Polar Diagram Generation

Sailing boats are using the power of the wind to travel through water.
During racing all boats have the same wind conditions and the winning team is the one that uses that power best to reach the finish line.
This competence is also desired aside of competitions during navigation.

The usable part of the wind’s power for driving is dependent on wind speed and its relative angle to the boat.
This relationship can be plot into performance polar diagrams.
Each combination of sails has its own characteristic polar diagram.
There are sails that are fast when sailing downwind but can hardly be used against the wind.

The currently favored method to forecast speed from wind conditions are velocity prediction programs.
They rely on mathematical models that are based on measurements of the boat and all appendages.

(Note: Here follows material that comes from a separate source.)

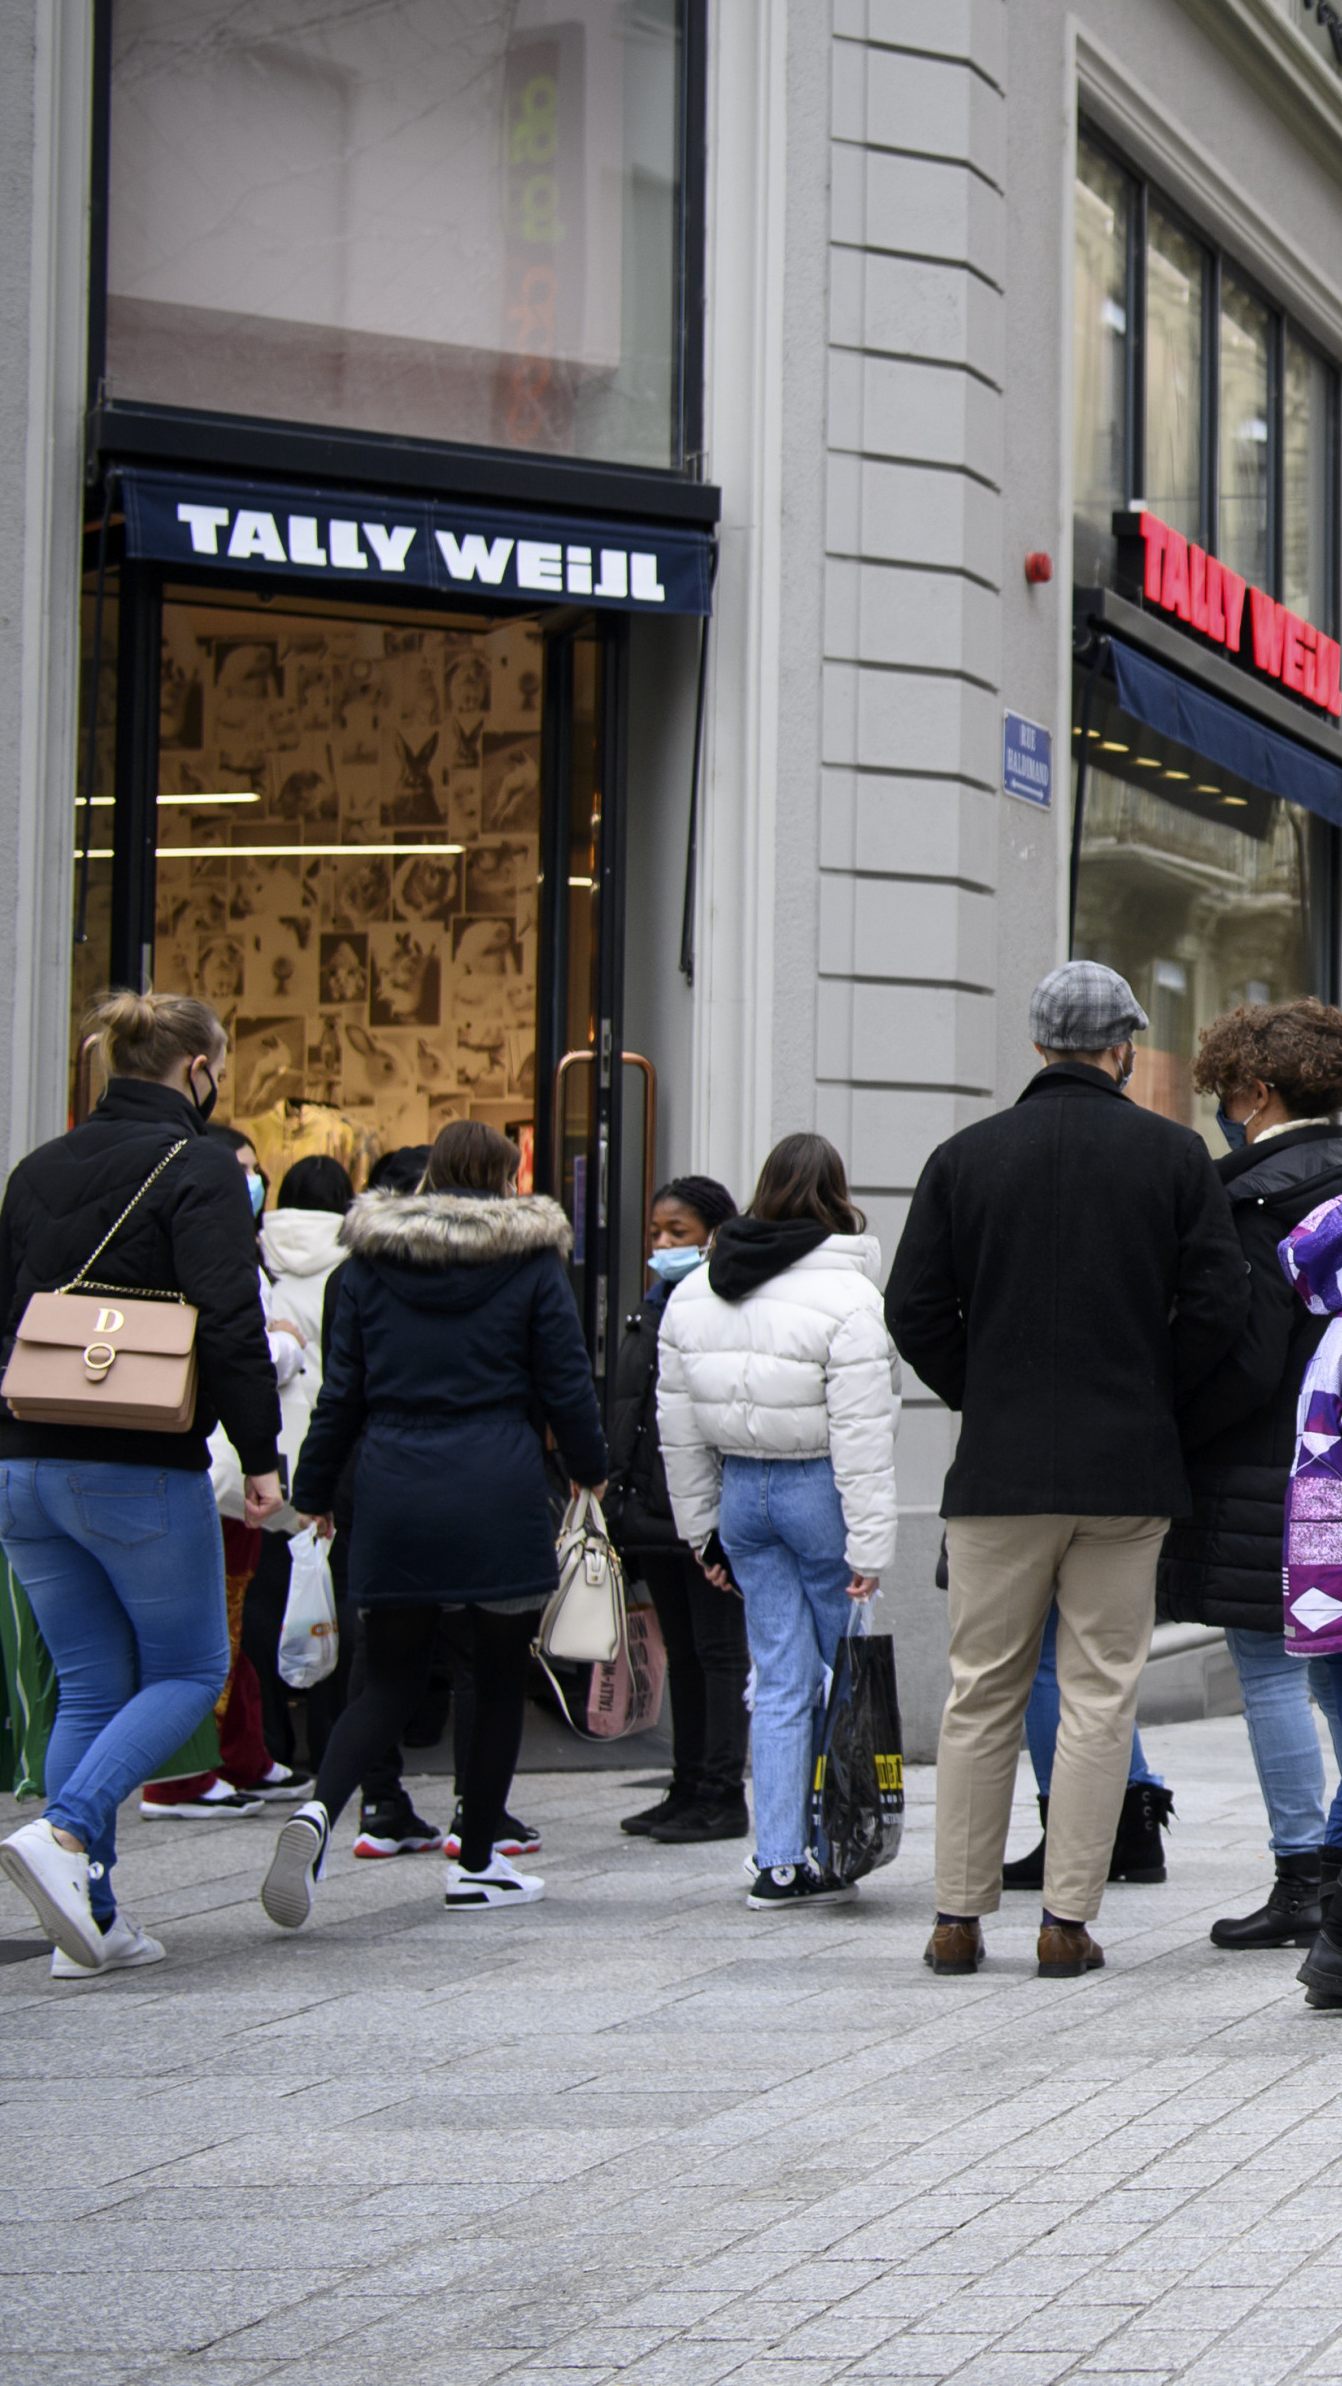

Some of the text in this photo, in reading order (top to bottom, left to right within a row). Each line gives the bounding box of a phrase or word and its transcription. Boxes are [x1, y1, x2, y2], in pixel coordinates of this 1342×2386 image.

[177, 503, 416, 572] TALLY
[1140, 510, 1246, 652] TALLY
[93, 1307, 125, 1333] D

This master’s thesis discusses the disadvantages of this method and develops an alternative that allows the generation of polar diagrams on sailing boats without additional effort besides normal sailing.
The required measurements are already taken on most sailing boats and a software was developed that can be linked to the recorded data of the standardized communication on a boat.


It uses data analysis to find a hypothesis that represents the underlying data.
To solve this problem, a regression method that support measurement errors of all features and modeling of non-linear data was researched.
Additional hypothesis were raised to add the possible influence as a time series by weighting each data point by an established quality function.
Out of all raised hypothesis, the best is selected utilizing techniques from machine learning.

The resulting performance polar diagram has similar shape as the corresponding velocity prediction program.
Indeed it indicates slower boat speeds in general.
This traces back that the resulting performance polar diagram represents how the crew applied the potentiality of the boat and reveals deficiencies especially on lower wind speeds.

The algorithm is ready to be validated with more varying sails and types of boats in further research.